• _Task brief_
Nothing but the records, transcribed exactly, should appear in the answer; leave the pictures out.

• _The data_
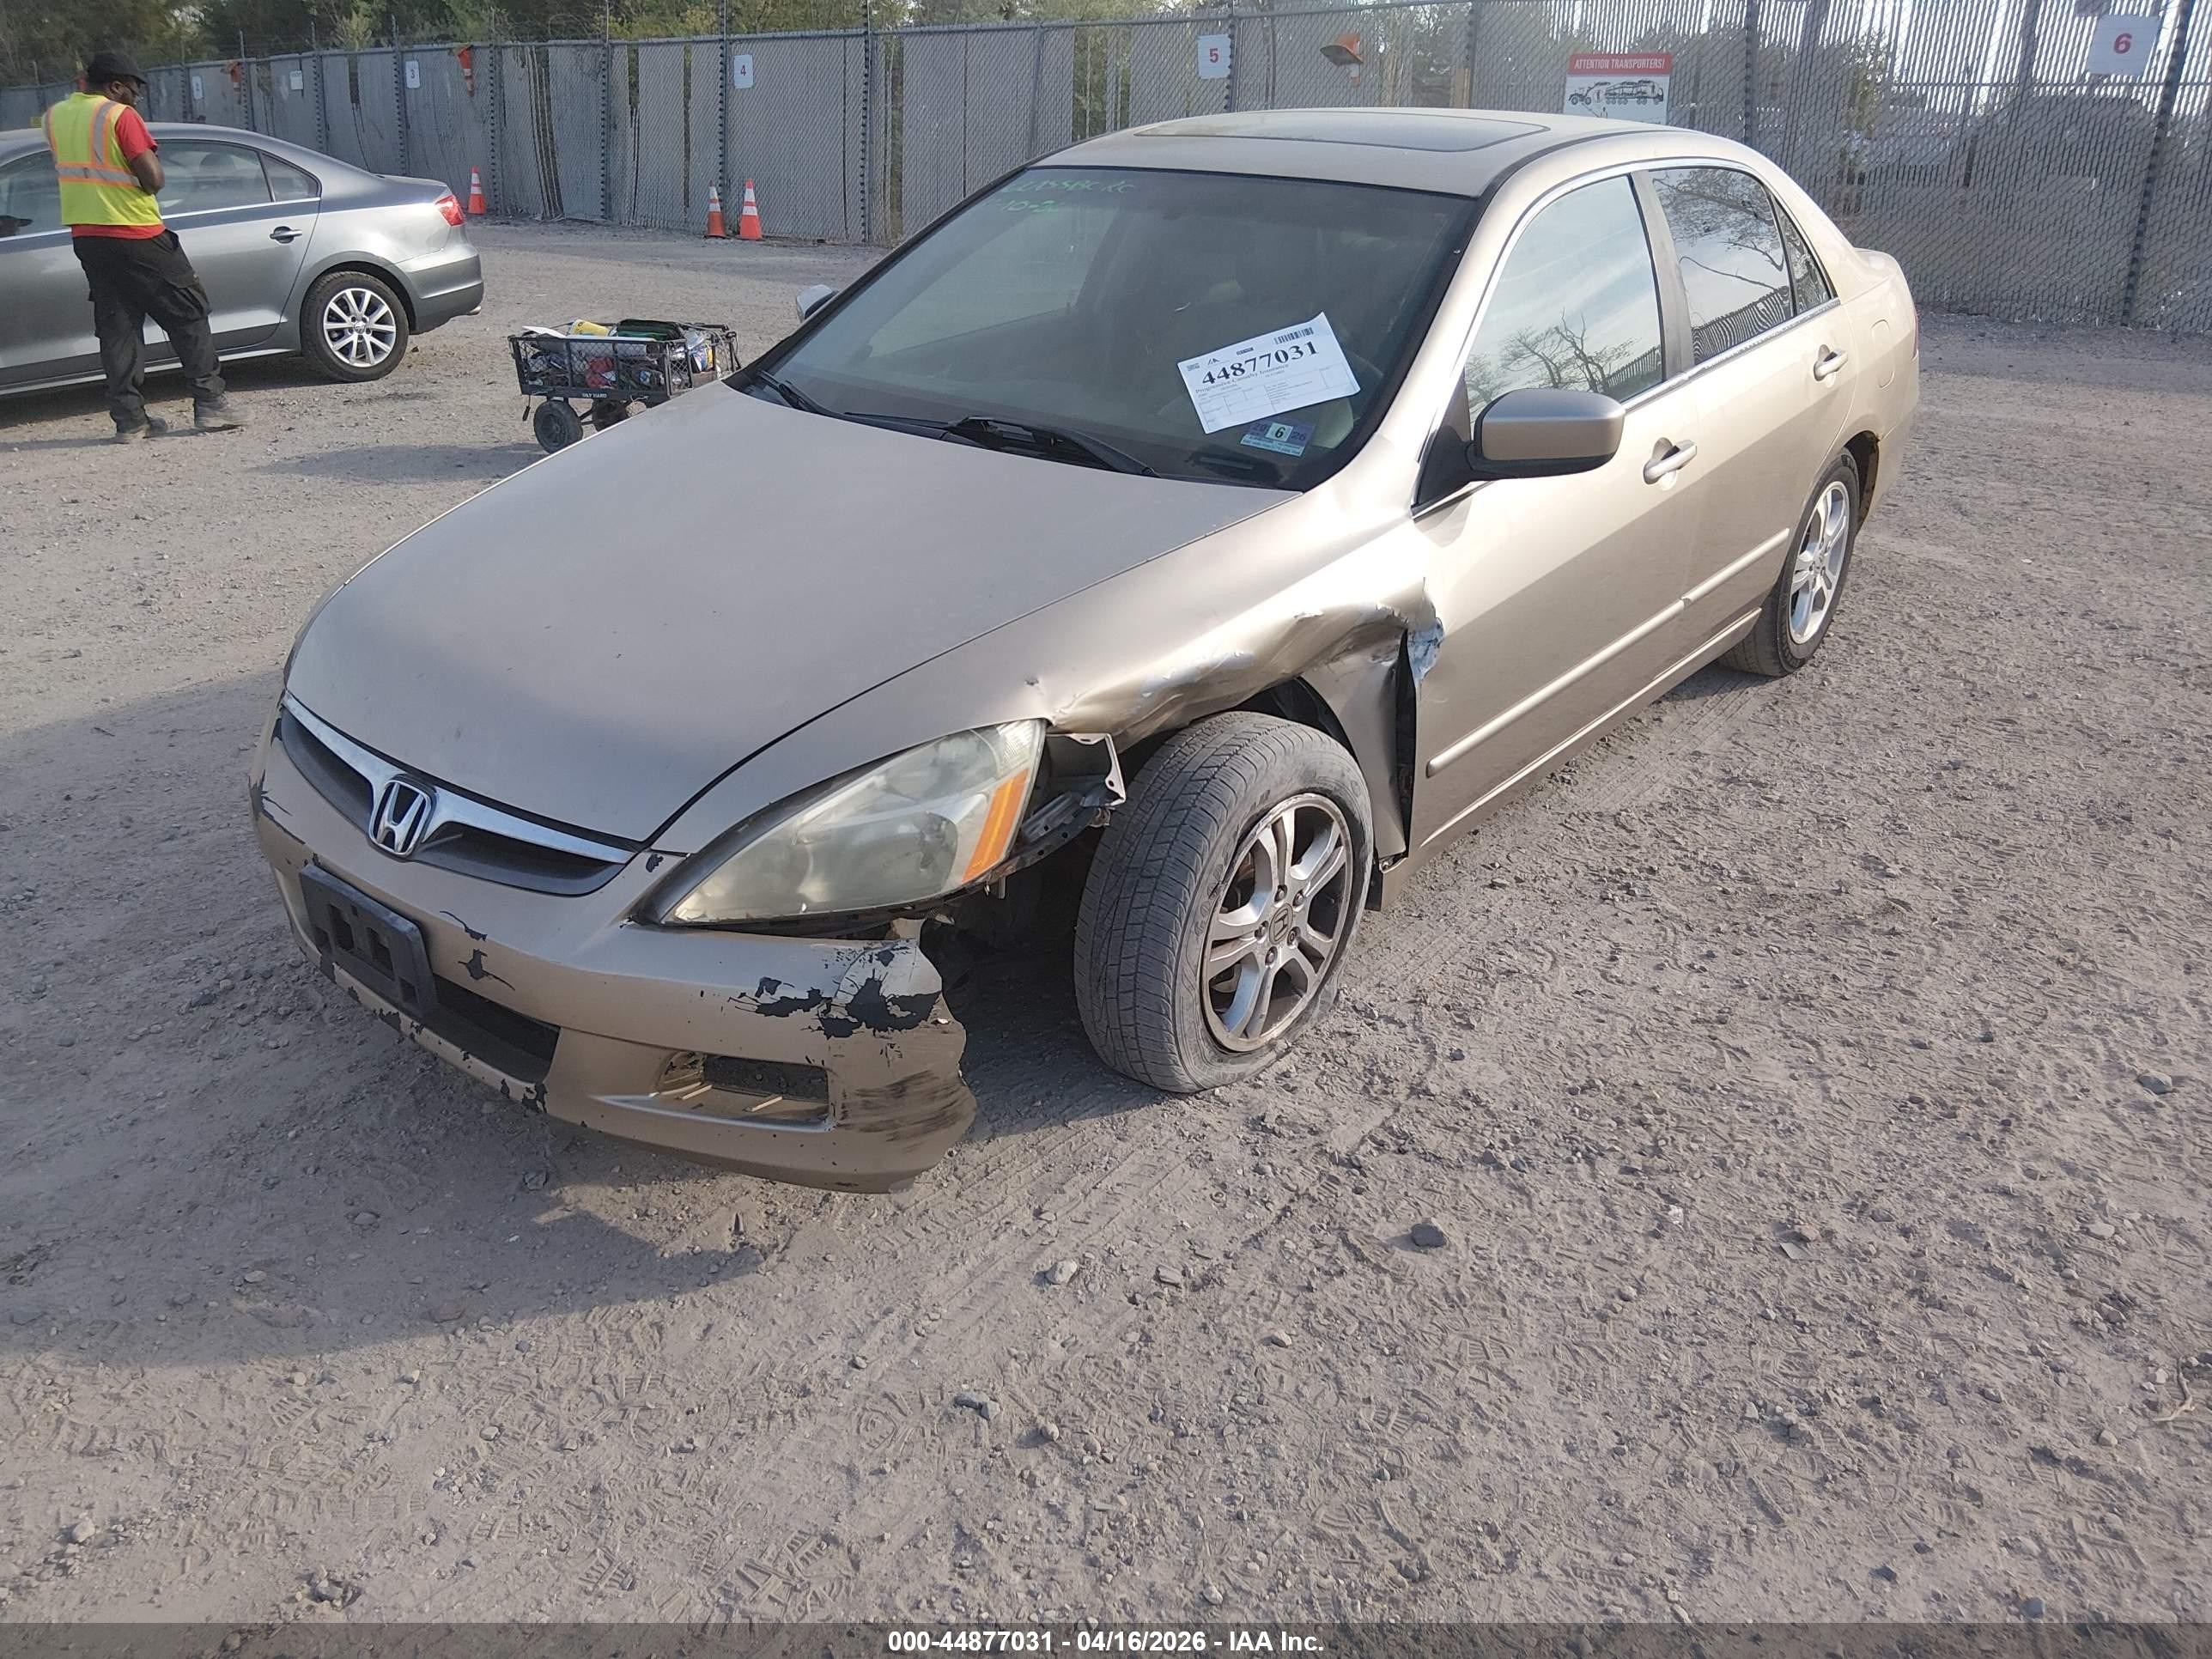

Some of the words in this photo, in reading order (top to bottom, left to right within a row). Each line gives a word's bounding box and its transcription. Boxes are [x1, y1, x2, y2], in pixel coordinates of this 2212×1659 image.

[2113, 33, 2132, 54] 6
[1209, 47, 1219, 64] 5
[740, 64, 747, 76] 4
[1574, 58, 1610, 70] ATTENTION
[1611, 58, 1666, 70] TRANSPORTERS!
[410, 69, 416, 79] 3
[1202, 341, 1318, 385] 44877031
[1274, 426, 1286, 439] 6
[1291, 430, 1306, 441] 26

• _Exercise response_
Some of the words in this photo, in reading order (top to bottom, left to right within a row). Each line gives a word's bounding box and its transcription. Boxes are [x1, y1, x2, y2], in pixel coordinates of this 2212×1659 image.

[2113, 33, 2132, 54] 6
[1209, 47, 1219, 64] 5
[740, 64, 747, 76] 4
[1574, 58, 1610, 70] ATTENTION
[1611, 58, 1666, 70] TRANSPORTERS!
[410, 69, 416, 79] 3
[1202, 341, 1318, 385] 44877031
[1274, 426, 1286, 439] 6
[1291, 430, 1306, 441] 26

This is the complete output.